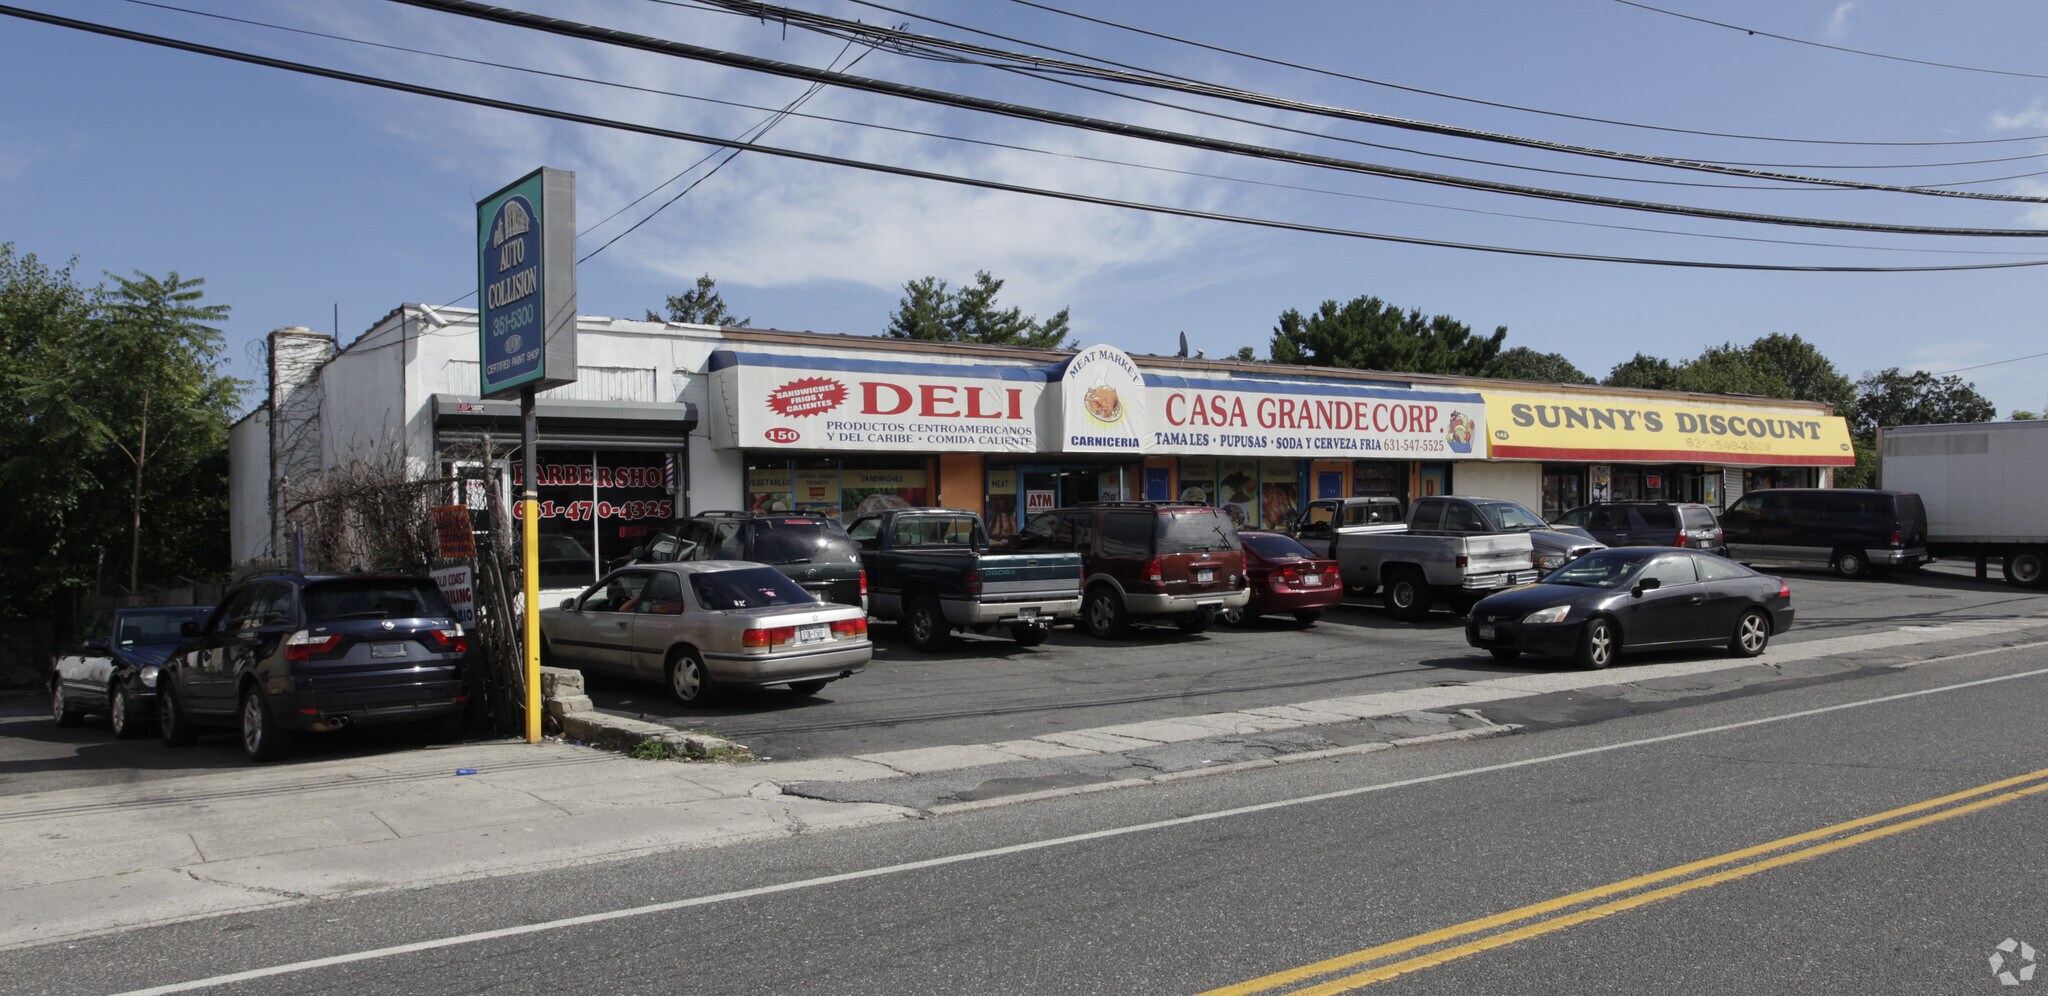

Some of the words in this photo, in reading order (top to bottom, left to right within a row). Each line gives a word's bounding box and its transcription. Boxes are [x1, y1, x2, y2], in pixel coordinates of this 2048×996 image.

[499, 237, 525, 272] AUTO
[488, 265, 538, 310] COLLISION
[493, 303, 534, 337] 351-5300
[487, 360, 511, 375] CERTIFIED
[511, 353, 526, 367] PAINT
[526, 347, 540, 361] SHOP
[1069, 351, 1096, 379] MEAT
[1099, 350, 1140, 382] MARKET
[776, 384, 836, 399] SANDWICHES
[790, 394, 817, 405] FRIOS
[786, 400, 832, 412] CALIENTES
[859, 381, 1023, 419] DELI
[1165, 393, 1248, 428] CASA
[1257, 397, 1369, 431] GRANDE
[1372, 403, 1444, 434] CORP.
[1511, 403, 1664, 432] SUNNY'S
[1675, 412, 1821, 440] DISCOUNT
[769, 430, 798, 440] 150
[826, 420, 905, 433] PRODUCTOS
[908, 423, 1032, 436] CENTROAMERICANOS
[826, 433, 835, 442] Y
[839, 433, 864, 442] DEL
[867, 434, 914, 443] CARIBE
[927, 435, 976, 445] COMIDA
[979, 437, 1032, 446] CALIENTE
[1071, 435, 1140, 448] CARNICERIA
[1155, 432, 1209, 446] TAMALES
[1220, 434, 1268, 448] PUPUSAS
[1276, 437, 1303, 449] SODA
[1306, 437, 1313, 449] Y
[1314, 437, 1358, 450] CERVEZA
[1360, 438, 1382, 450] FRIA
[1384, 439, 1445, 452] 631-547-5525
[513, 464, 612, 488] BARBER
[860, 474, 904, 483] SANDWICHES
[991, 480, 1009, 488] MEAT
[1029, 494, 1052, 507] ATM
[448, 572, 466, 586] COAST

_ _ _ _

Full copy, no pictures: write out each line of the data exactly as it stands.

Some of the words in this photo, in reading order (top to bottom, left to right within a row). Each line gives a word's bounding box and its transcription. Boxes are [x1, y1, x2, y2], in pixel coordinates of this 2048×996 image.

[499, 237, 525, 272] AUTO
[488, 265, 538, 310] COLLISION
[493, 303, 534, 337] 351-5300
[487, 360, 511, 375] CERTIFIED
[511, 353, 526, 367] PAINT
[526, 347, 540, 361] SHOP
[1069, 351, 1096, 379] MEAT
[1099, 350, 1140, 382] MARKET
[776, 384, 836, 399] SANDWICHES
[790, 394, 817, 405] FRIOS
[786, 400, 832, 412] CALIENTES
[859, 381, 1023, 419] DELI
[1165, 393, 1248, 428] CASA
[1257, 397, 1369, 431] GRANDE
[1372, 403, 1444, 434] CORP.
[1511, 403, 1664, 432] SUNNY'S
[1675, 412, 1821, 440] DISCOUNT
[769, 430, 798, 440] 150
[826, 420, 905, 433] PRODUCTOS
[908, 423, 1032, 436] CENTROAMERICANOS
[826, 433, 835, 442] Y
[839, 433, 864, 442] DEL
[867, 434, 914, 443] CARIBE
[927, 435, 976, 445] COMIDA
[979, 437, 1032, 446] CALIENTE
[1071, 435, 1140, 448] CARNICERIA
[1155, 432, 1209, 446] TAMALES
[1220, 434, 1268, 448] PUPUSAS
[1276, 437, 1303, 449] SODA
[1306, 437, 1313, 449] Y
[1314, 437, 1358, 450] CERVEZA
[1360, 438, 1382, 450] FRIA
[1384, 439, 1445, 452] 631-547-5525
[513, 464, 612, 488] BARBER
[860, 474, 904, 483] SANDWICHES
[991, 480, 1009, 488] MEAT
[1029, 494, 1052, 507] ATM
[448, 572, 466, 586] COAST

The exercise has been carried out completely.